On April 17, 2009, the federal Department of Health and Human Services (HHS) issued guidance specifying the technologies and methodologies that render PHI unusable, unreadable, or indecipherable to unauthorized individuals, as required by the Health Information Technology for Economic and Clinical Health (HITECH) Act passed as part of the American Recovery and Reinvestment Act of 2009 (ARRA). The guidance was developed through a joint effort by OCR, the Office of the National Coordinator for Health Information Technology (ONC), and the Centers for Medicare and Medicaid Services (CMS).

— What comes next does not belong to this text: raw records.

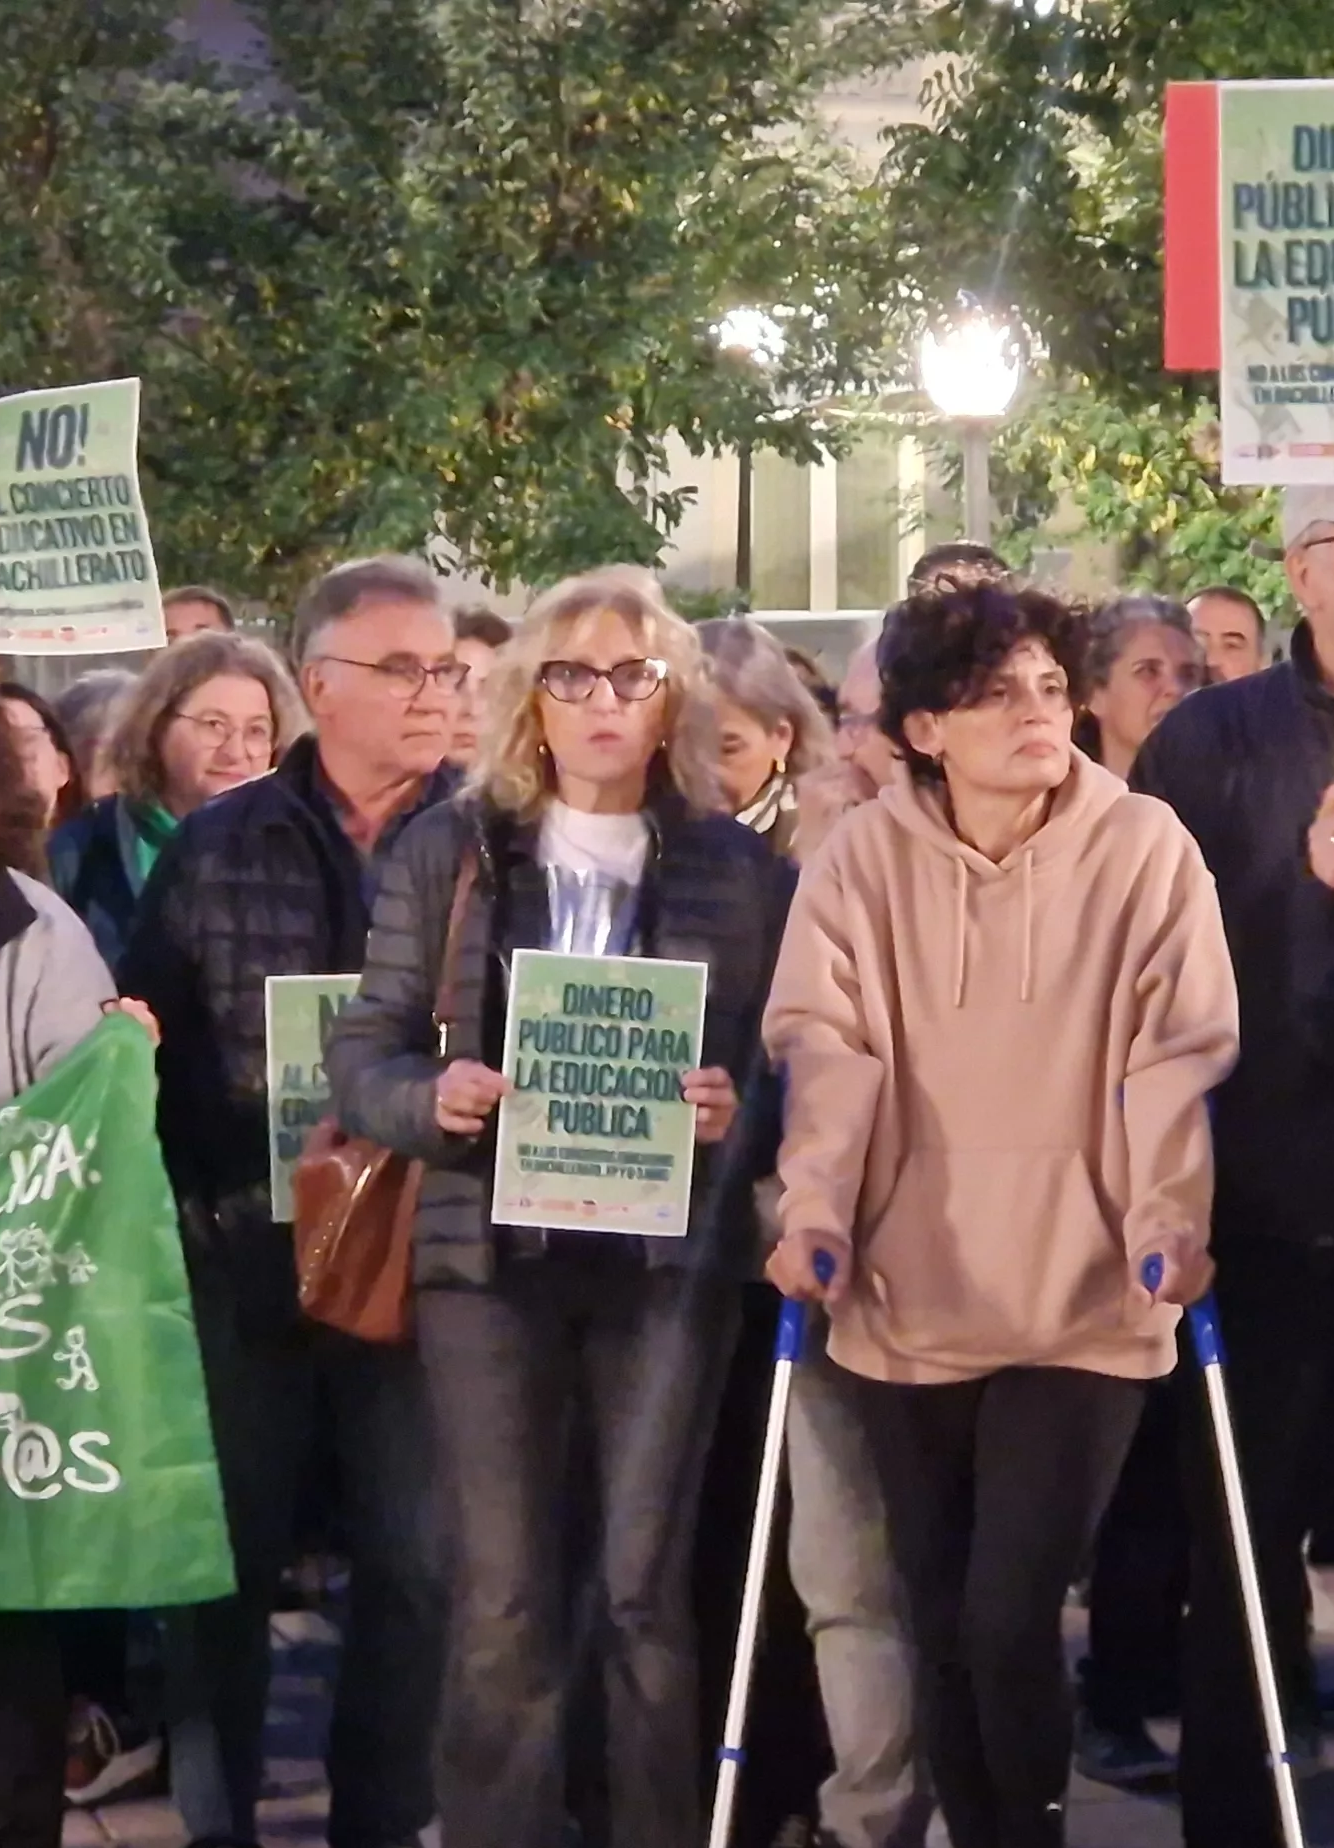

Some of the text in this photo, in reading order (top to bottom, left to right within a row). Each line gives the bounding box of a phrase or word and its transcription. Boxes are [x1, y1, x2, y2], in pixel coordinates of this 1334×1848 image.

[1233, 240, 1276, 287] LA
[16, 402, 90, 472] NO!
[9, 474, 130, 514] CONCIERTO
[108, 512, 140, 544] EN
[563, 983, 654, 1021] DINERO
[519, 1013, 690, 1063] PÚBLICO PARA
[514, 1058, 543, 1091] LA

This guidance relates to two forthcoming breach notification regulations – one to be issued by HHS for covered entities and their business associates under the Health Insurance Portability and Accountability Act of 1996 (HIPAA) (Sec. 13402 of HITECH) and one to be issued by the Federal Trade Commission (FTC) for vendors of personal health records and other non-HIPAA covered entities (Sec. 13407 of HITECH). HITECH requires these regulations to be published within 180 days of enactment. If the entities subject to the regulations apply the technologies and methodologies specified in the guidance to secure information, they will not be required to provide the notifications required by the regulations in the event the information is breached !
In addition to this guidance, HHS has also concurrently issued a request for information (RFI) soliciting public comment on the breach notification provisions of the HITECH Act to inform future rulemaking and updates to the guidance. Once published in the Federal Register, the guidance and RFI will also be available for public comment at www.regulations.gov. View the HITECH Breach Notification Guidance and Request for Public Comment.
The guidance must be updated annually, but HHS may update and reissue it this year, after public comment is considered and at the same time HHS’s breach notification regulation is published.